/monitoring-uptime

Uptime monitoring configs and description.

Pools uptime monitoring system

Uptime monitoring system contains a two component: Telegraf as agent and Prometheus as server. Agents are placed on servers in three locations: Europe, Asia, USA. Configuratiion of agents contain input plugins for every monitoring pool. Two plugins are used:

  • http_response for site and api endpoints probe;
  • net_response for stratum endpoint tcp probe. For one kind of each metric all input plugins contains a additional tags. This made a grouping metrics by labels and make a common endpoint status. The output uses the worst status of endpoint.

Metrics

I'm showing only a important fields of each metric

  • http_response_content_length{host="proxy-eu",location="cn",pool="btc.com",type="api"}
  • http_response_http_response_code{host="proxy-eu",location="cn",pool="btc.com",type="api"}
  • http_response_response_string_match{host="proxy-eu",location="cn",pool="btc.com",type="api"}
  • http_response_response_time{host="proxy-eu",location="cn",pool="btc.com",type="api"}
  • http_response_result_code{host="proxy-eu",location="cn",pool="btc.com",type="api"}

In consolidated graph metrics using the last metric - http_response_result_code. Her value is equal 0 when isn't access problems, and > 0 in all other cases.

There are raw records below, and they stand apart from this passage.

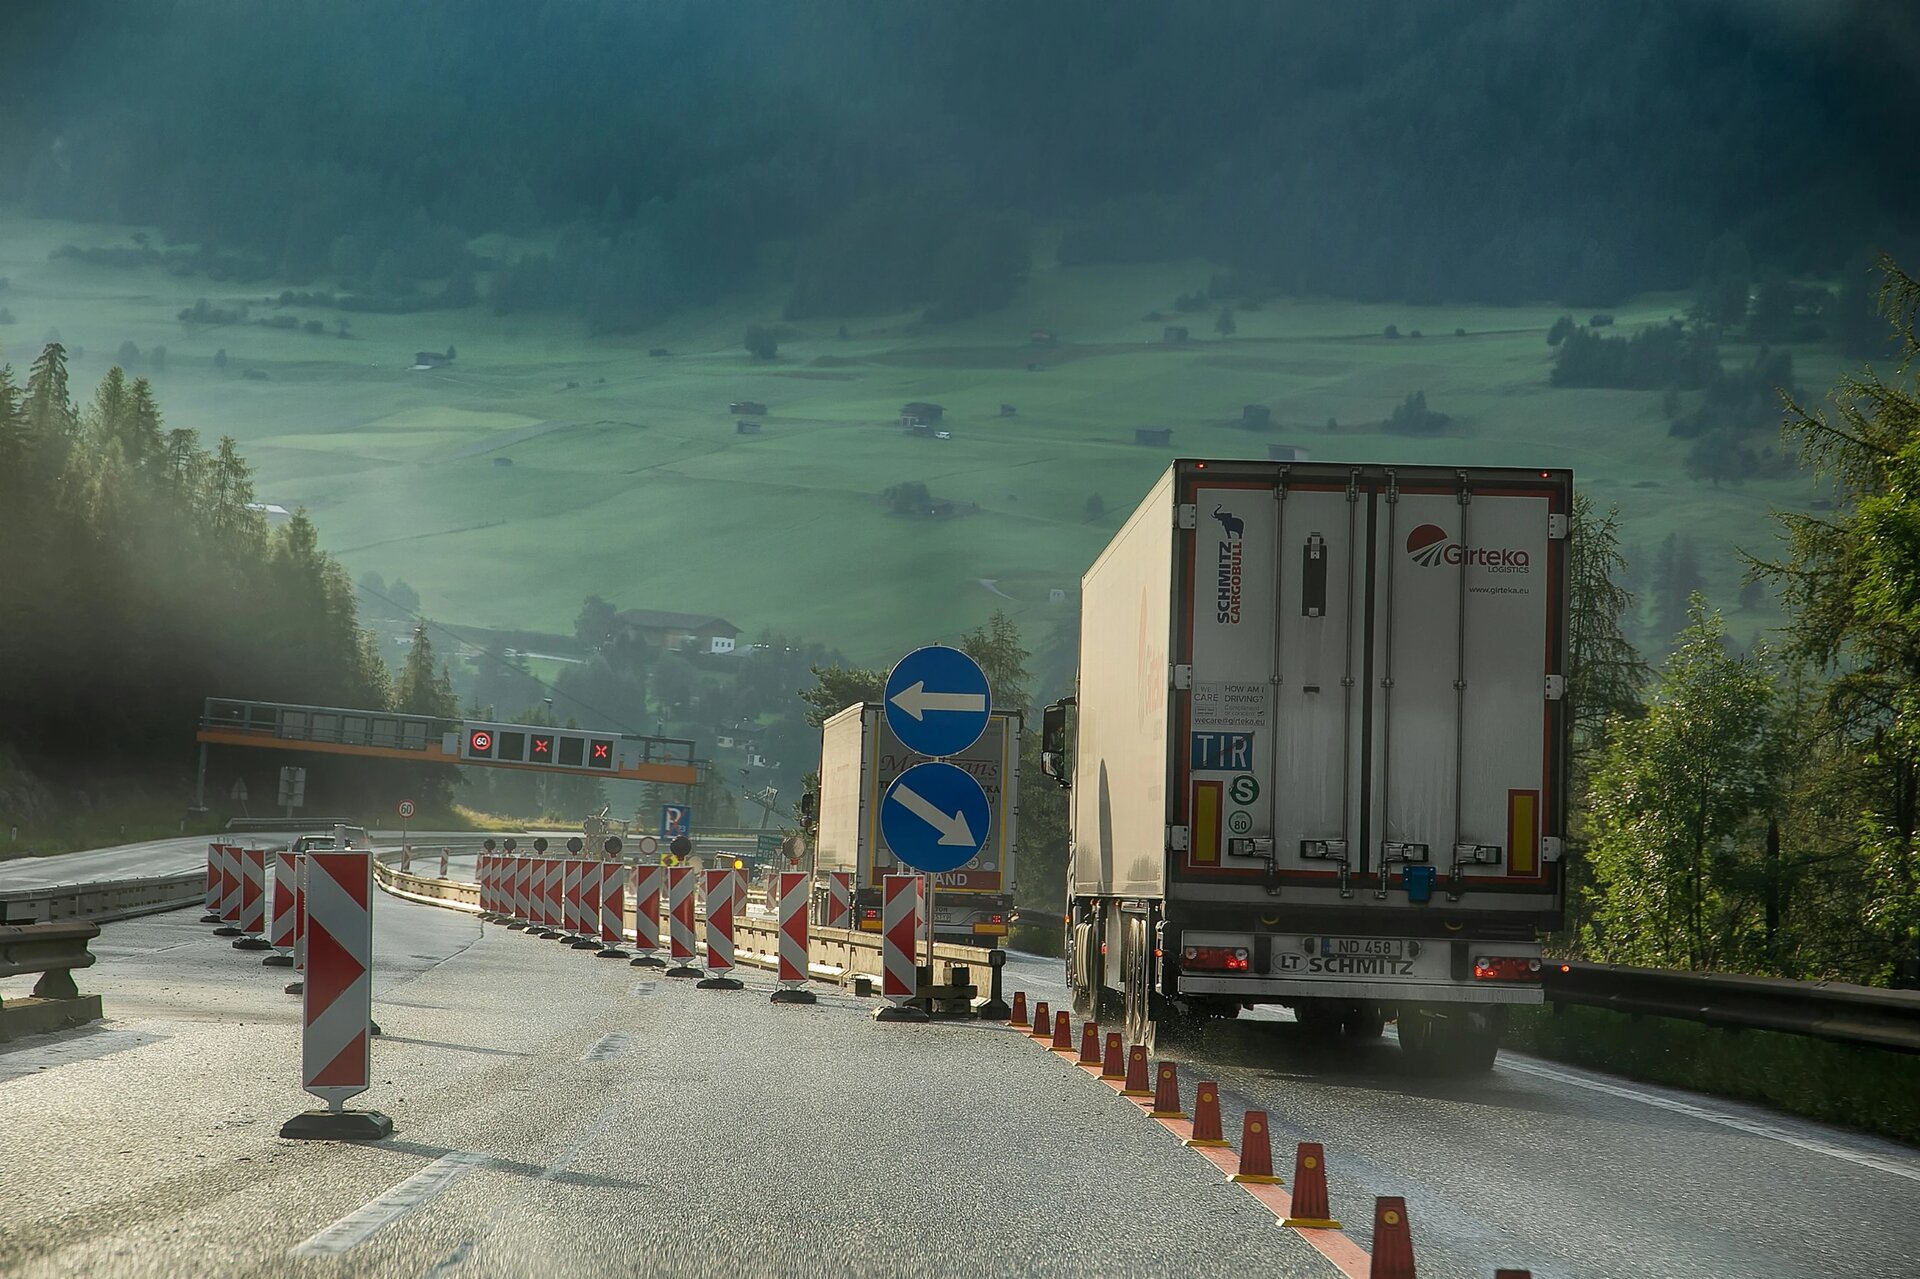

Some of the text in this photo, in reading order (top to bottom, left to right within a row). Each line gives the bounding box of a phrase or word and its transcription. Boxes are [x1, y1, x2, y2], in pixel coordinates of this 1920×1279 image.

[1443, 544, 1530, 566] Girteka
[1488, 566, 1530, 574] LOGISTICS
[1217, 542, 1232, 624] SCHMITZ
[1231, 542, 1242, 624] CARGOBULL
[1469, 586, 1530, 595] www.girteka.eu
[1224, 685, 1245, 693] HOW
[1193, 693, 1219, 702] CARE
[1224, 694, 1264, 703] DRIVING?
[476, 736, 487, 746] 60
[1197, 734, 1248, 768] TIR
[1235, 778, 1255, 803] S
[401, 803, 412, 815] 60
[665, 807, 682, 831] P
[1234, 820, 1247, 831] 80
[1338, 940, 1391, 954] ND 458
[1281, 955, 1300, 969] LT
[1308, 957, 1414, 975] SCHMITZ

  • net_response_response_time{host="proxy-eu",location="br",pool="nicehash.com",port="3334",server="sha256.br.nicehash.com",type="stratum"}
  • net_response_result_code{host="proxy-eu",location="br",pool="nicehash.com",port="3334",server="sha256.br.nicehash.com",type="stratum"}

In consolidated graph metrics using the last metric - net_response_result_code. Her behaviour similar a http_response_result_code.

Computed metrics

Site and api metrics

In graph using consolidated metrics. Consolidation doing by Prometheus server during a query metrics. These are the requests:

max(http_response_result_code{pool=~".+"}) by (pool, location, type)

We taking a max value of metric from all locations for viewing worstly value.

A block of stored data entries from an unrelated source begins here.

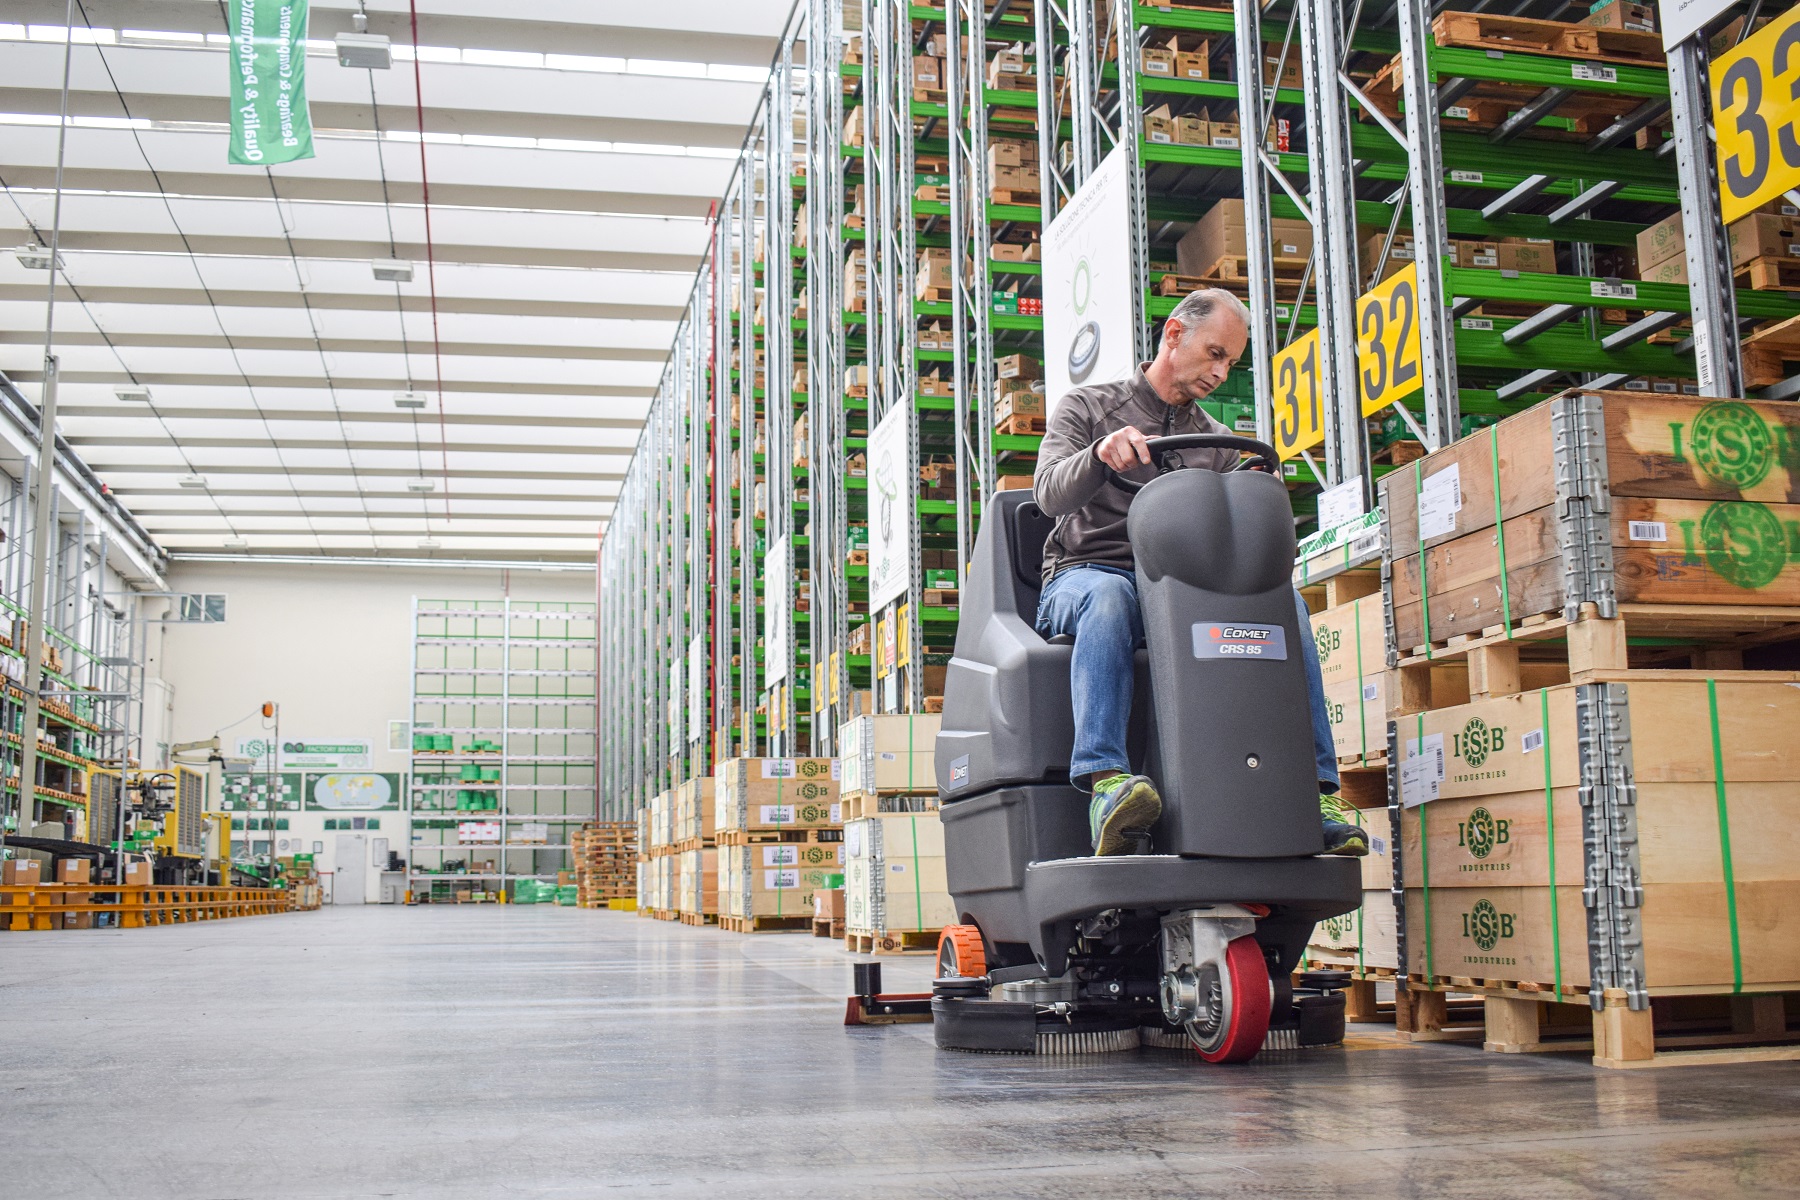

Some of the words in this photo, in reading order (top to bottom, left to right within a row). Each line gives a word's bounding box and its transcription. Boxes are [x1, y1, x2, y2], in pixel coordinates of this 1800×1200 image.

[1362, 281, 1417, 401] 32
[1280, 340, 1318, 447] 31
[1222, 627, 1270, 639] COMET
[1220, 644, 1245, 654] CRS
[1246, 645, 1262, 654] 85
[1453, 723, 1504, 761] ISB
[796, 762, 828, 776] ISB
[1454, 770, 1506, 782] INDUSTRIES
[796, 808, 828, 820] ISB
[1458, 814, 1510, 852] ISB
[802, 849, 833, 862] ISB
[1458, 863, 1510, 872] INDUSTRIES
[1462, 907, 1514, 944] ISB
[1464, 956, 1516, 965] INDUSTRIES

sum(count_over_time(http_response_result_code{pool =~ ".+", result="success"}[1d])) without (host, instance, job, method, result_type, server, status_code) / ignoring(result) group_left sum(count_over_time(http_response_result_code{pool =~ ".+"}[1d])) without (host, instance, job, method, result, result_type, server, status_code) * 100

Calculating a uptime percent by last 24 hours.

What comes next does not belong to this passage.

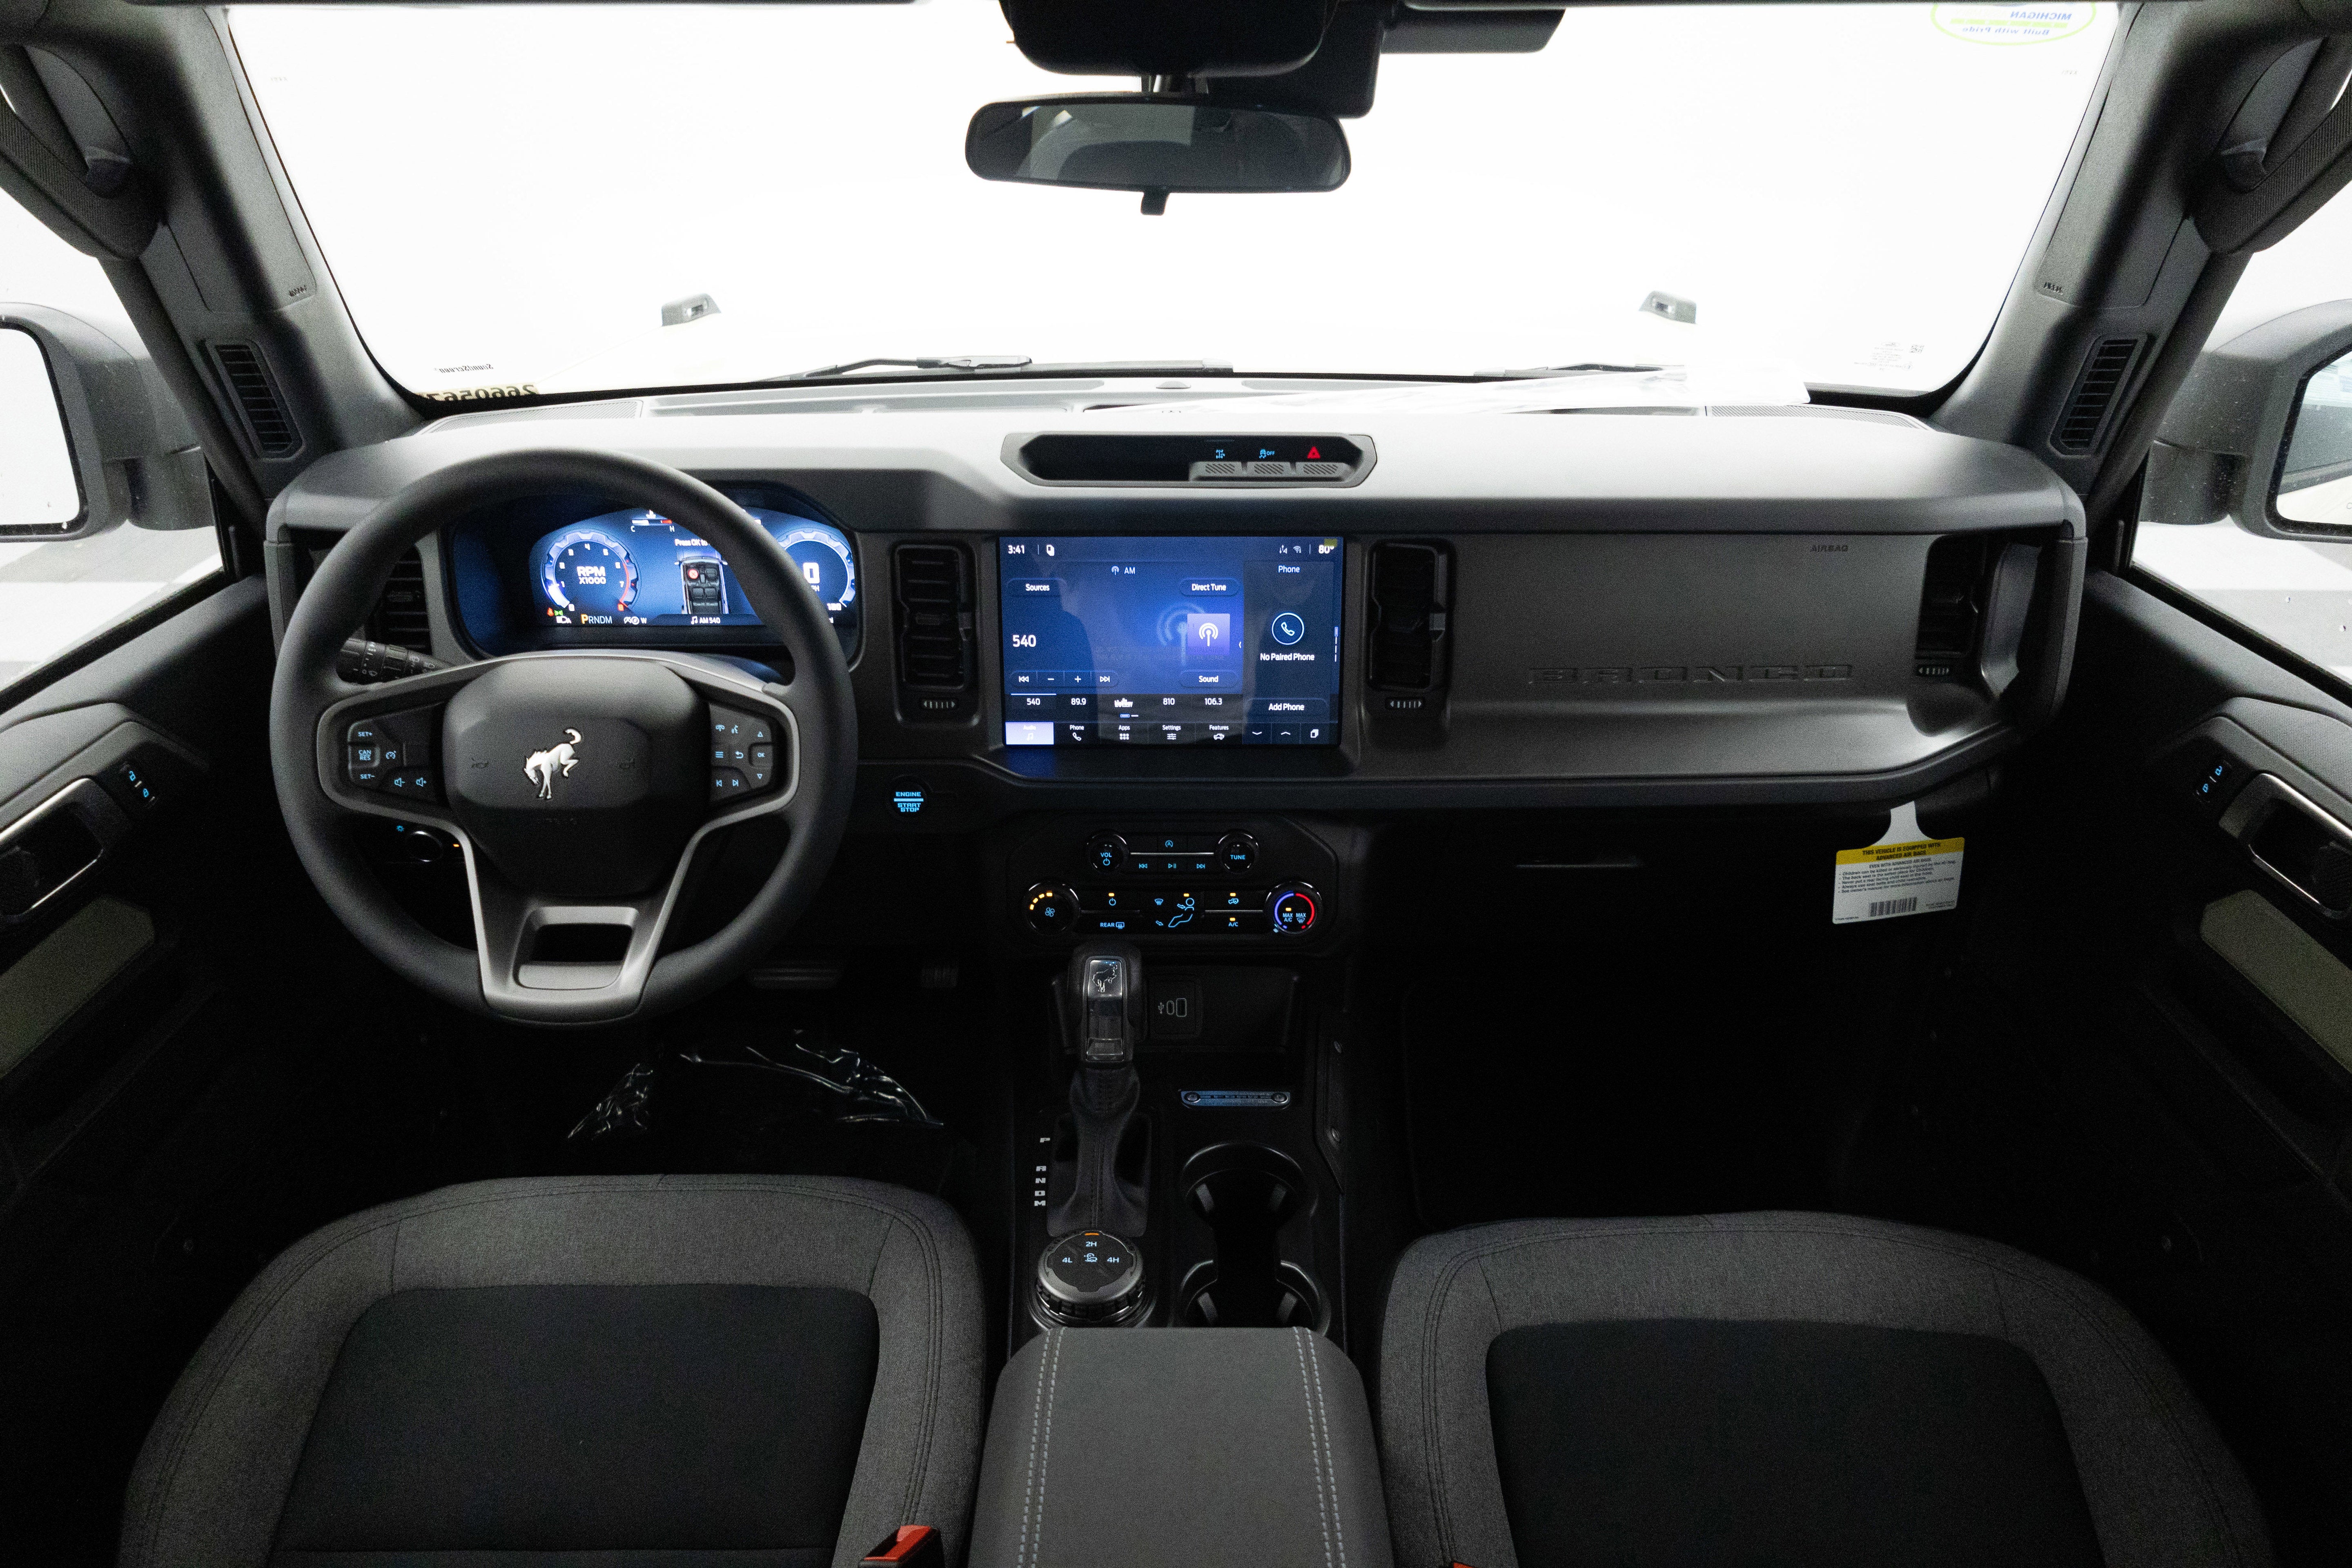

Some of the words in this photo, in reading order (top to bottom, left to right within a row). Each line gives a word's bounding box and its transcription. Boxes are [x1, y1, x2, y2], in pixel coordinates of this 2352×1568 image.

sum(count_over_time(http_response_result_code{pool =~ ".+", result="success"}[1d] offset 50000s)) without (host, instance, job, method, result_type, server, status_code) / ignoring(result) group_left sum(count_over_time(http_response_result_code{pool =~ ".+"}[1d] offset 50000s)) without (host, instance, job, method, result, result_type, server, status_code) * 100

Calculating a uptime percent from day start. Start position set as seconds offset in two places of query.

Stratum metrics

Stratum metrics computed similar a http metrics.

max(net_response_result_code{pool=~".+"}) by (pool, location, type)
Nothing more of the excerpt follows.